Investigating high-performance data engineering

8 January 2018

Big data has always been a part of high-performance computing and the science it supports, but new open-source technologies are now being applied to a wider range of scientific and business problems. We’ve spent time recently testing some of the big data toolkits.

Two of the largest drivers of big data applications have been mobile applications and the Internet-of-Things (IoT).

Sensor data

Smartphones contain a remarkable array of sensors and are very interesting as mobile devices for sensing and recording a user’s environment. The increasing prevalence of low-power sensors monitoring air and water quality, traffic density and so on gives an opportunity to take better socio-economic decisions with better data. And, whether from mobile phone or static sensor, all those data have to go somewhere. EPCC has been engineering back-end systems for mobile data streams in two important areas: disaster risk reduction and smarter cities.

Working with the Schools of Informatics and Geosciences, and with international NGO Concern Worldwide, we have created both the back-end and front-end for a system to record smartphone sensor data with the aim of predicting and improving earthquake resilience in buildings.

In related work we have been working with Edinburgh mobile app firm XDesign to gather and store sensor data from smartphones in moving vehicles.

The challenge with both cases is not in creating an app to record data but in creating an operational back-end that can scale to many data streams from many devices.

In exploring these challenges we have been building expertise in Amazon Web Service’s building blocks for streaming data applications – AWS Lambda, API Gateway, DynamoDB – and exploring the use of Spark and Elastic MapReduce as platforms for onward analysis. We have learned that the AWS toolkit is functionally impressive, but that performance for both data gathering and data analysis still needs careful design and some technical finessing.

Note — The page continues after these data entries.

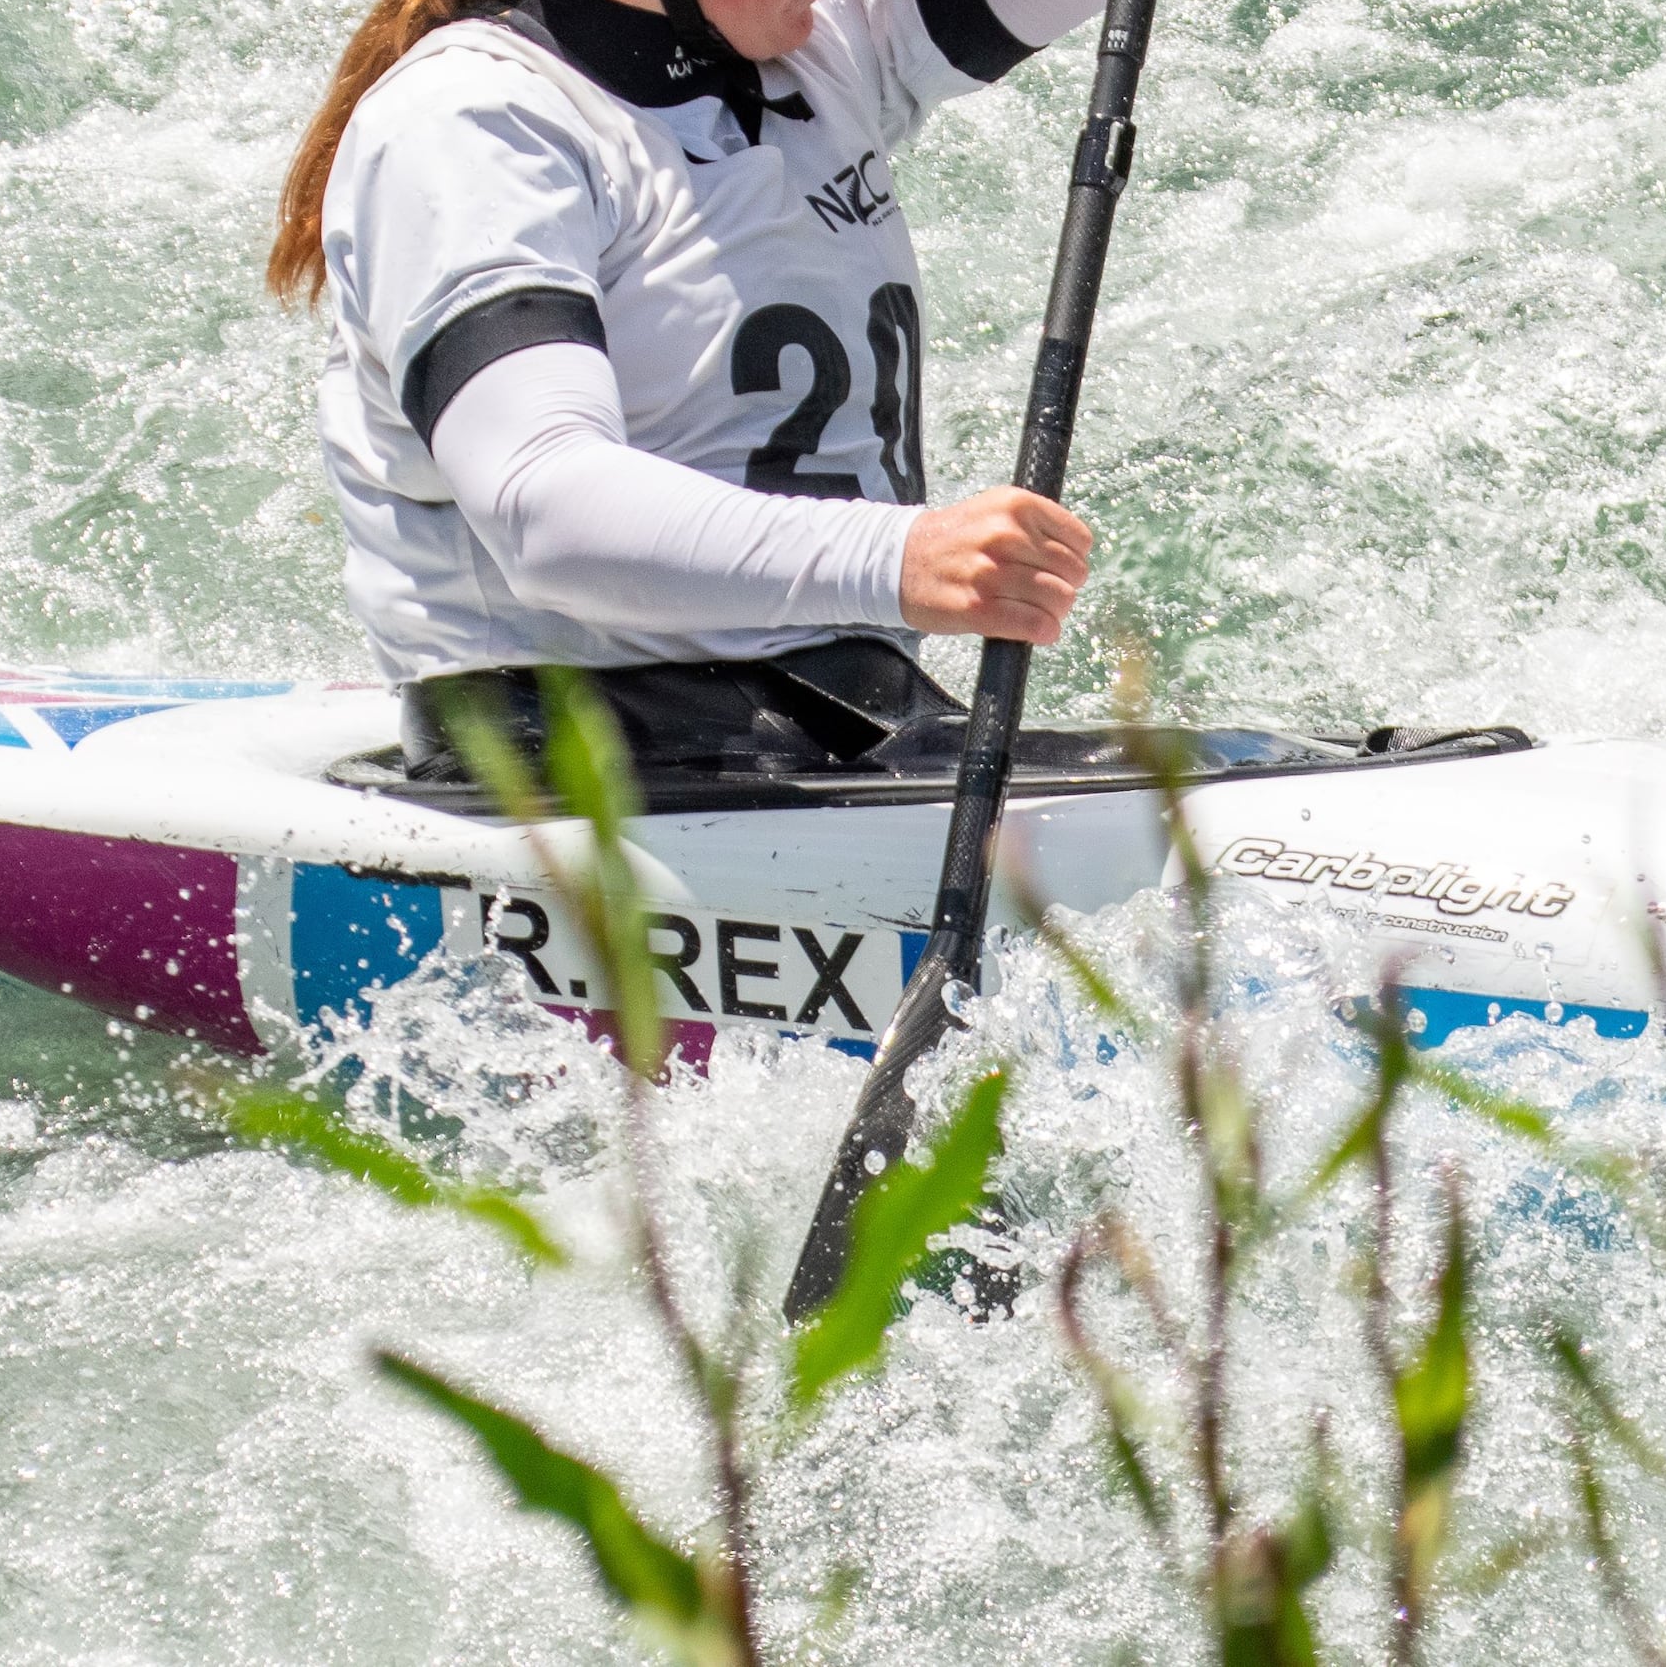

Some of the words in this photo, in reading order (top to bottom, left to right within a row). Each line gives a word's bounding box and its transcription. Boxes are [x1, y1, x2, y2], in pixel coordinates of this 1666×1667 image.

[804, 147, 890, 234] NZC
[731, 282, 927, 506] 20
[1217, 837, 1575, 917] Carbolight
[1381, 913, 1509, 943] construction
[638, 911, 874, 1033] REX

Machine learning frameworks

We’ve also been looking at the effectiveness of machine learning frameworks on both GPUs and CPUs.

Our main test case here was inspired by a commercial partner and involves identifying features from Earth observation image data (our target is the Sentinel satellite data from the ESA Copernicus programme). Image analysis is a classic machine learning example: throw a large number of images at an algorithm (in our case a 27-layer convolution neural network); train the algorithm to identify the patterns we’re looking for; and test that algorithm on another large number of previously unseen images.

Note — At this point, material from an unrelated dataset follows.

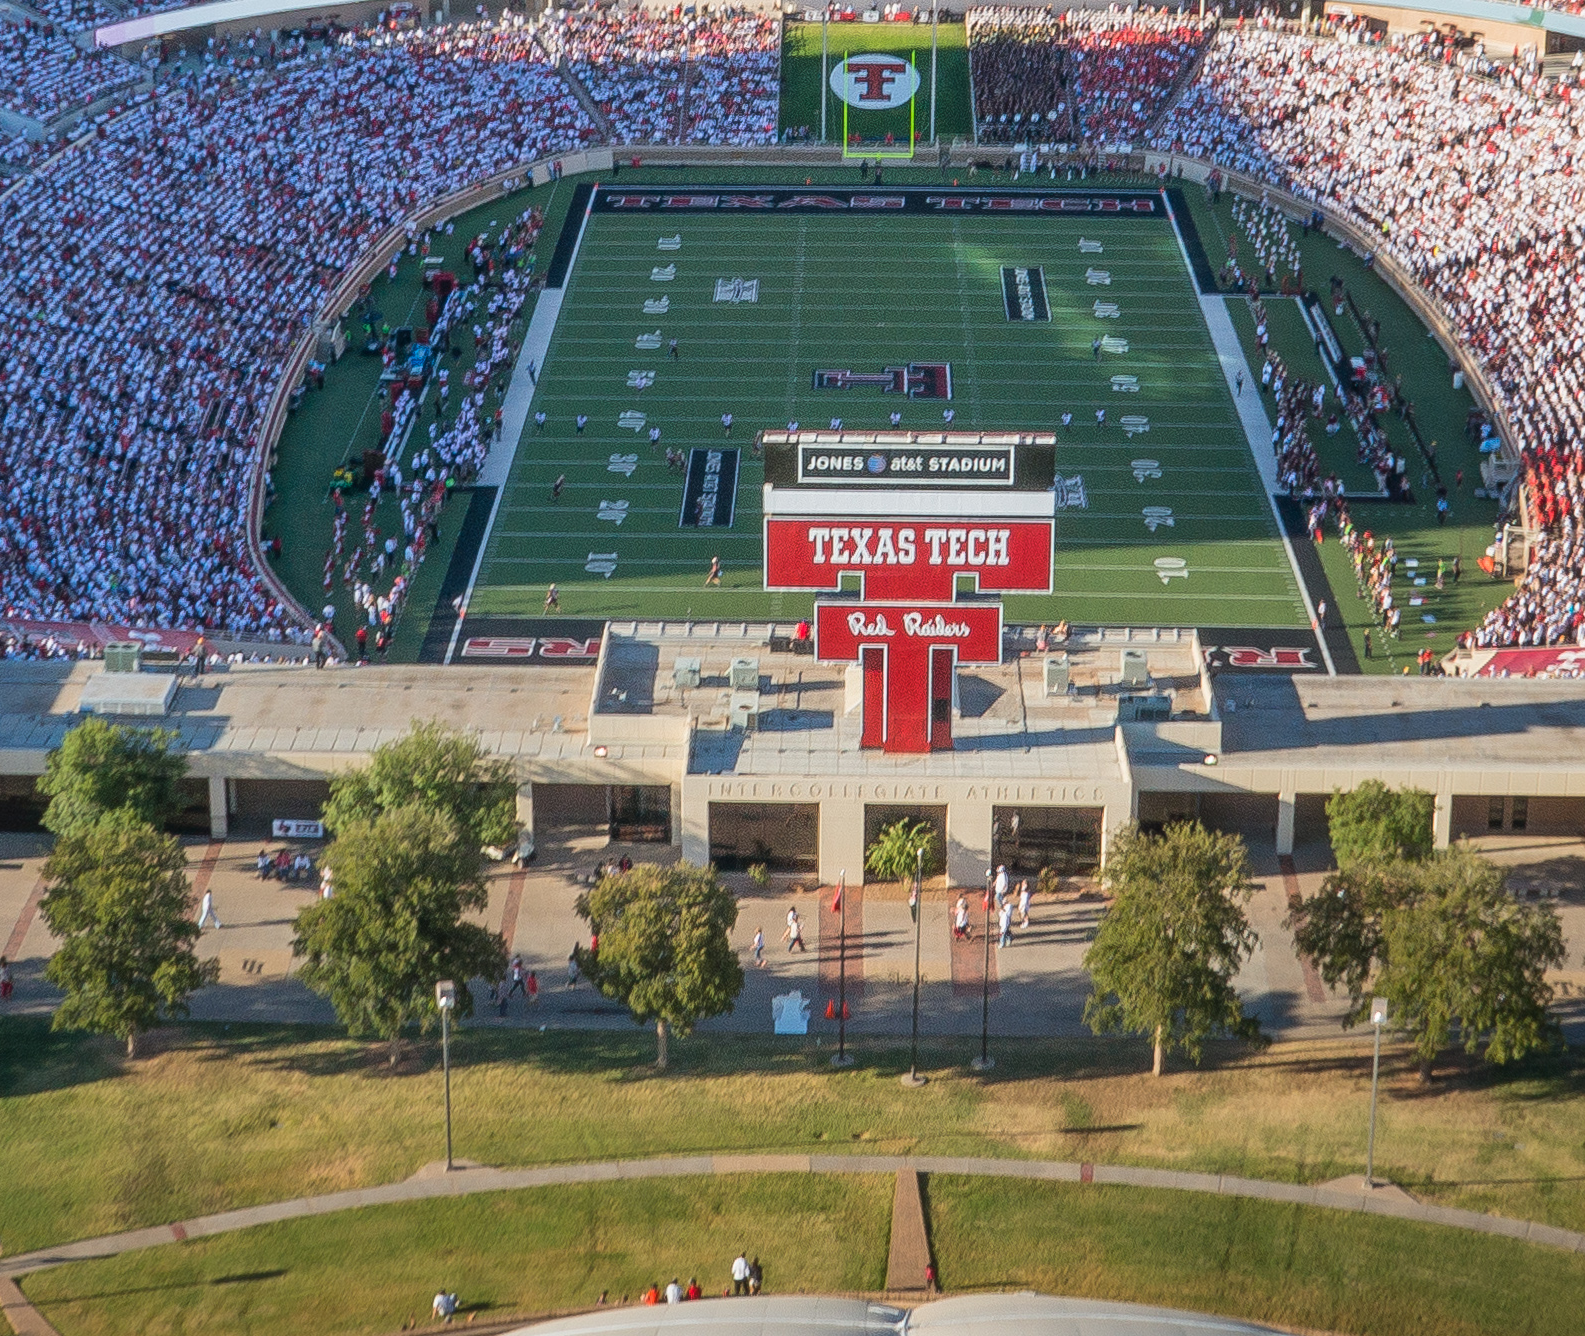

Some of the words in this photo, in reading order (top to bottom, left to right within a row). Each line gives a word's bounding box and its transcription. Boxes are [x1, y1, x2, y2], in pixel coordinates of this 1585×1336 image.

The machine learning framework we’ve chosen for the neural network is PyTorch, a Python-based scientific computing package which provides a deep learning platform using the power of GPUs. GPUs (general-purpose graphical processing units) are particularly well-suited to this sort of algorithm, and are attracting a lot of interest in machine learning circles. We trained the network on DeepLearn, a small in-house GPU server set up for running deep learning frameworks. This server contains a single NVIDIA Titan X (Maxwell) GPU, and single quad-core Intel Q6600 CPU. Training the network to classify images over 120 “learning epochs” took 8 hours.

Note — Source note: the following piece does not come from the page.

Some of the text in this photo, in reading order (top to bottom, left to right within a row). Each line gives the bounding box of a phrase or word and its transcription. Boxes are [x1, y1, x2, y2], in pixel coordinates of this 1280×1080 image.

In terms of results, the network has a recall score of 83.78% (ie 83.78% of the pixels that belong to our objects of interest are correctly predicted as such), and a precision score of 84.54% (ie 84.54% of the predicted pixels of interest are genuine pixels of interest), which is encouraging.

We wanted to know how much better than CPUs are GPUs for this kind of problem. This led us to explore optimisations of PyTorch running on Cirrus, our Tier-2 HPC system.

PyTorch supports use of the multithreaded OpenBLAS linear algebra library, and each Cirrus compute node contains two 18-core Intel Xeon E5 (Broadwell) processors, with each core supporting two hardware hyperthreads. A Cirrus node therefore has a possible 72 parallel hardware threads with which to compete with the Titan GPU. And compete it does: the 120 learning epochs that take 8 hours on DeepLearn take 10 on one Cirrus node.

Slower, yes, but Cirrus has 280 nodes like this.

Our next step will be to experiment with the brand new MPI-like parallel version of PyTorch to try to scale our image classifier across the whole machine.

This is just a selection of our recent work. There are more interesting things going on at EPCC in the space of large-scale data engineering than we’ve room for here – benchmarking large graph databases, for instance. I'll save those for another post!